For a doctor, their client is the patient, and they are bound by oath to help
that patient. If the patient goes on to do horrible crimes, that's on the
patient, not on the doctor.

For a software engineer, the client is either their customer or the employer,
and the equivalent oath would be to always act in their customer/employer's
best interest. Most developers already do this - they typically don't continue
to get paid if they don't. But the moral dilemmas that surround software are
often of the form "You write software that massively violates peoples'
privacy, gets people to click on ads, wastes peoples' time, etc." If an NSA
developer did an IAmA and said "Yes, I write code to spy on people because I
have a responsibility to the people that pay my salary", they'd be vilified,
and more than a few people would likely say "No, you have a responsibility to
the American people to stop doing what you're doing." If a doctor were to say
"I refuse to treat this NSA engineer because he is harming humanity", he would
be similarly vilified.

------
jotux
IEEE members agree to the Code of Ethics, which are pretty universal:

>We, the members of the IEEE, in recognition of the importance of our
technologies in affecting the quality of life throughout the world, and in
accepting a personal obligation to our profession, its members and the
communities we serve, do hereby commit ourselves to the highest ethical and
professional conduct and agree:

>1\. to accept responsibility in making decisions consistent with the safety,
health, and welfare of the public, and to disclose promptly factors that might
endanger the public or the environment;

>2\. to avoid real or perceived conflicts of interest whenever possible, and
to disclose them to affected parties when they do exist;

>3\. to be honest and realistic in stating claims or estimates based on
available data;

>4\. to reject bribery in all its forms;

>5\. to improve the understanding of technology; its appropriate application,
and potential consequences;

>6\. to maintain and improve our technical competence and to undertake
technological tasks for others only if qualified by training or experience, or
after full disclosure of pertinent limitations;

>7\. to seek, accept, and offer honest criticism of technical work, to
acknowledge and correct errors, and to credit properly the contributions of
others;

>8\. to treat fairly all persons and to not engage in acts of discrimination
based on race, religion, gender, disability, age, national origin, sexual
orientation, gender identity, or gender expression;

>9\. to avoid injuring others, their property, reputation, or employment by
false or malicious action;

>10\. to assist colleagues and co-workers in their professional development
and to support them in following this code of ethics.

------
bluejekyll
I don't think it's necessarily this easy. While I would say "yes" to the
question, I already know that if I write a piece of crypto software, it will
be used by bad players to hide their illicit activities, including governments
hiding what they are doing to their population.

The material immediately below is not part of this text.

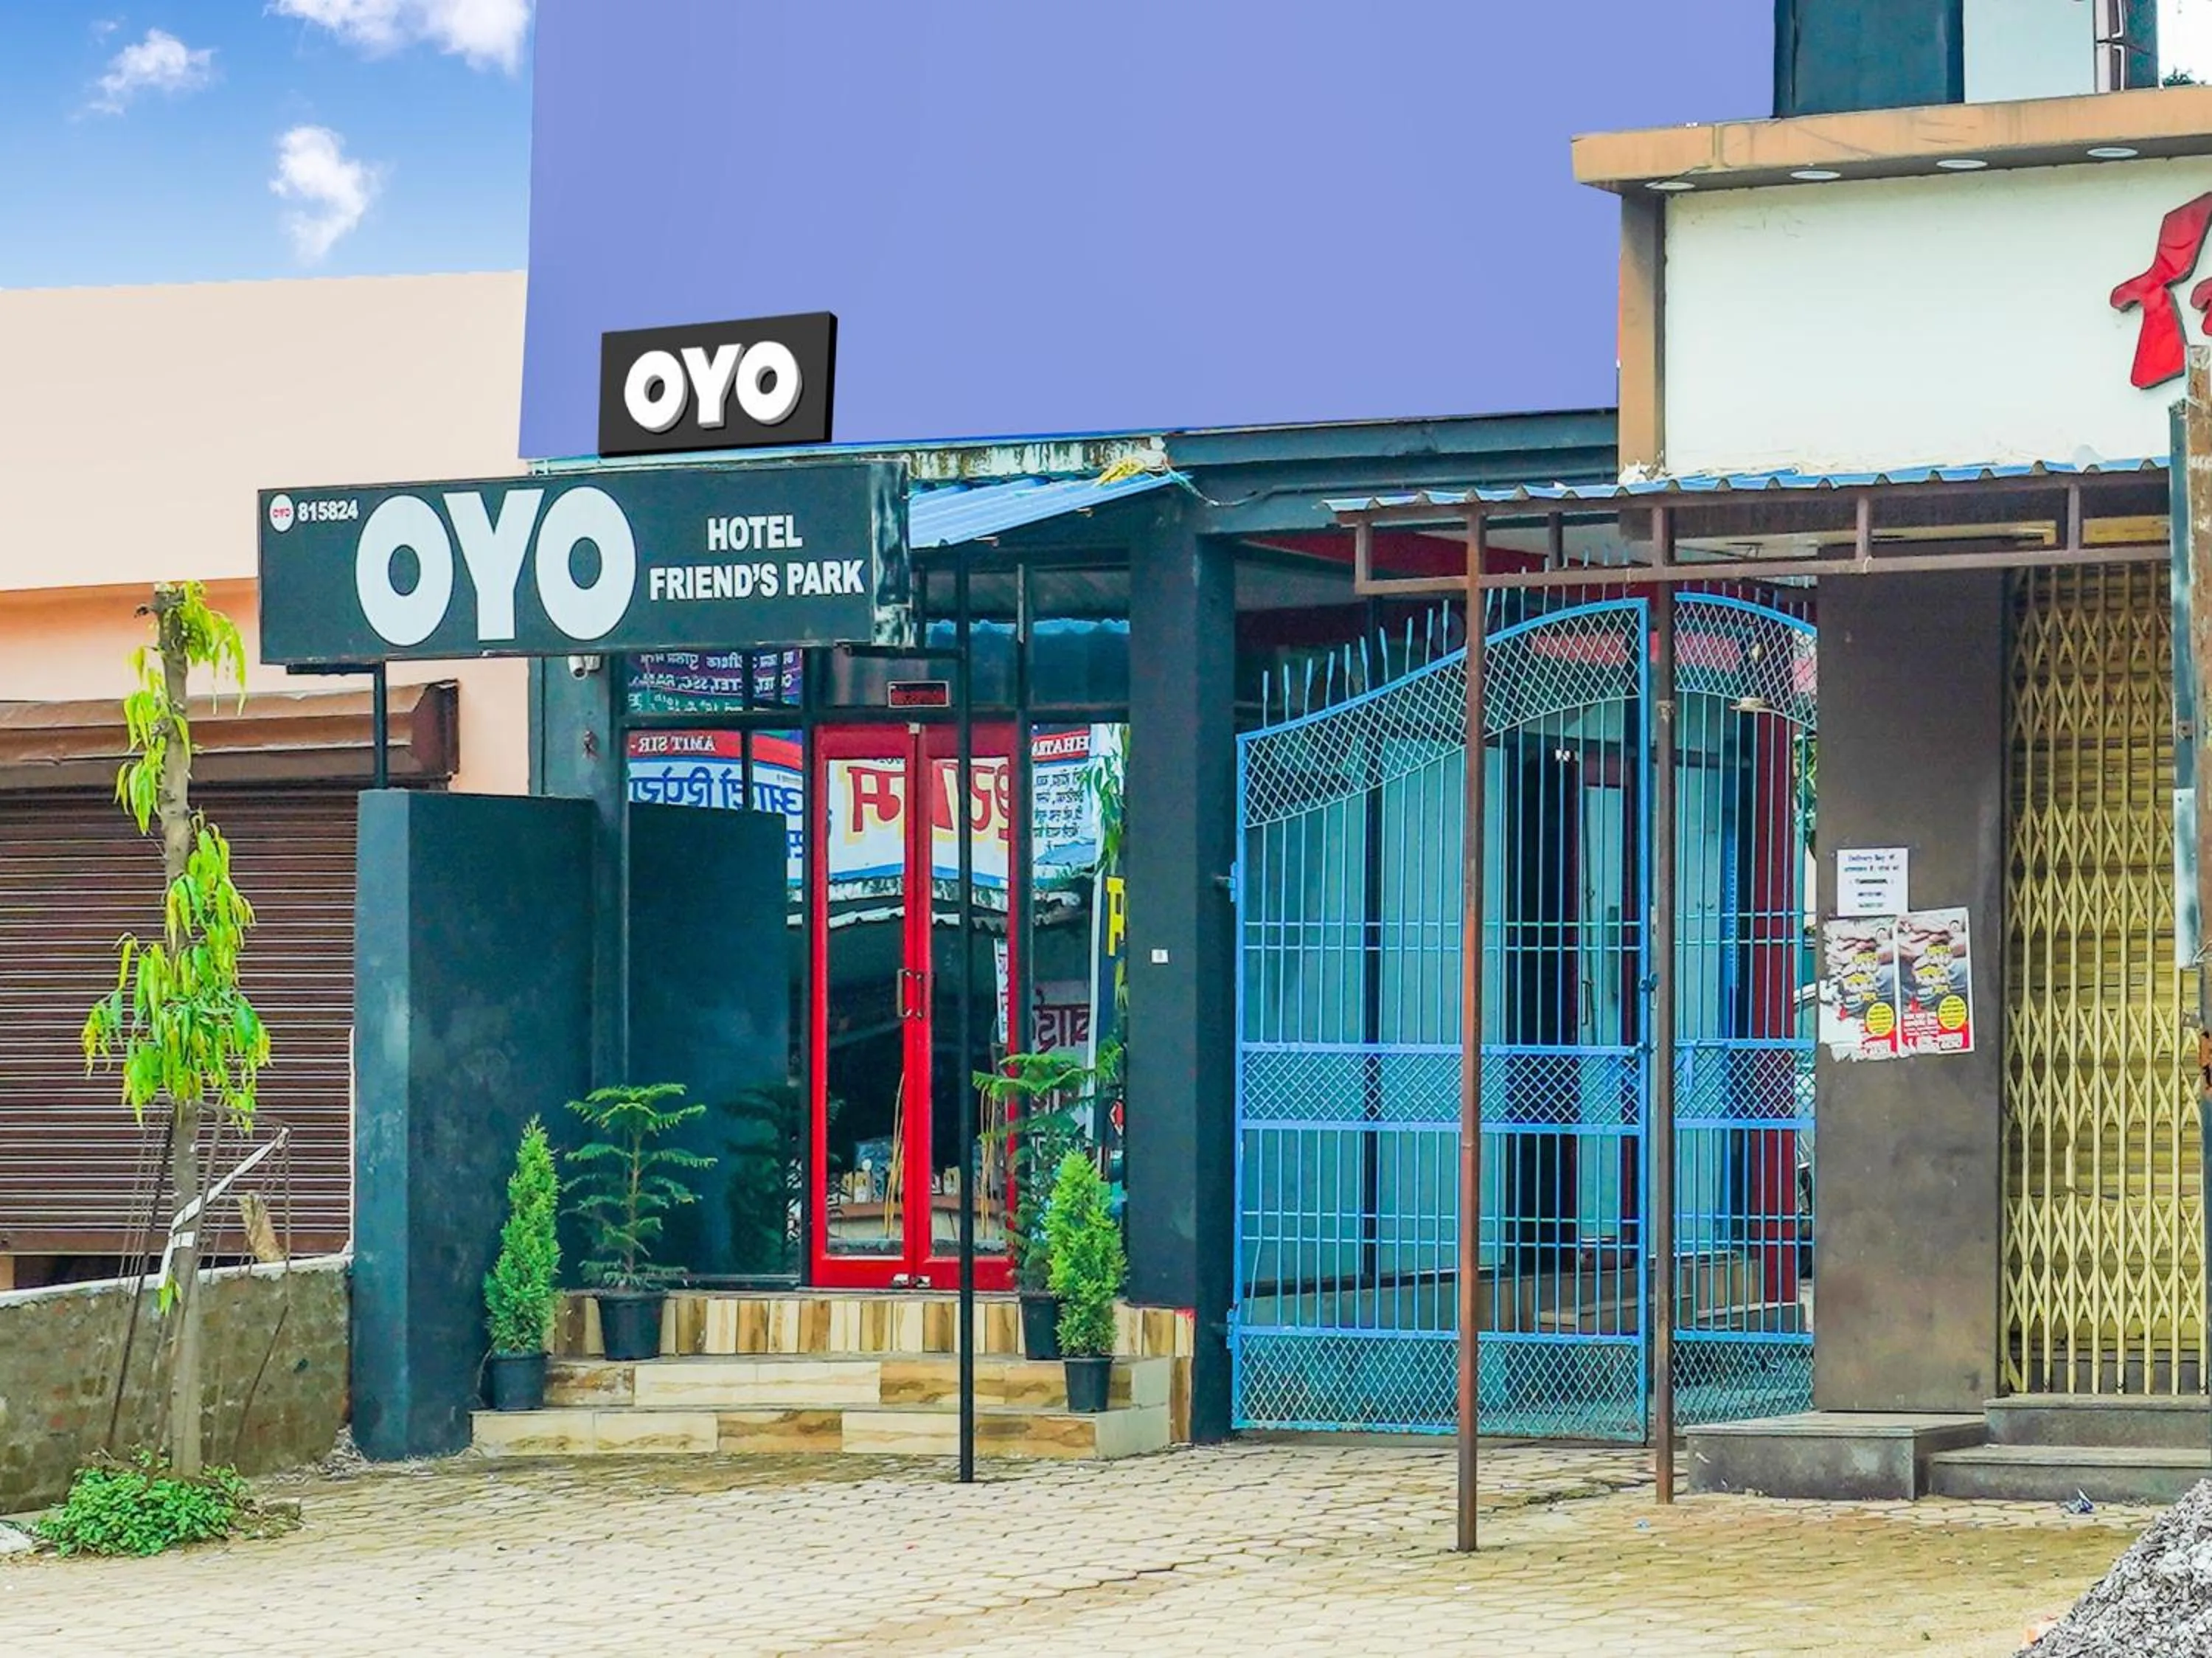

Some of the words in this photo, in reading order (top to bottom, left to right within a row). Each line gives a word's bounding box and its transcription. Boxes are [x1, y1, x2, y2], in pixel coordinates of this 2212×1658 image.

Similarly, almost all open-source software can be used by these bad actors. I
doubt any of them write their router OSes, e.g. FreeBSD, but should I not
contribute to that code because I know they are using it to suppress or track
voices inside their country? Similar arguments for DNS or other tools that can
be used to snoop on citizens.

Now, I would sign something saying I would not take a contract or money from
them, but at the same time I think the US/EU sanctions actually already
require that.

So how would we design it with these obvious caveats?

------
secfirstmd
E.g Would agree to never contribute code to a product that you knew would
likely be used by a human rights abusing country to repress it's population...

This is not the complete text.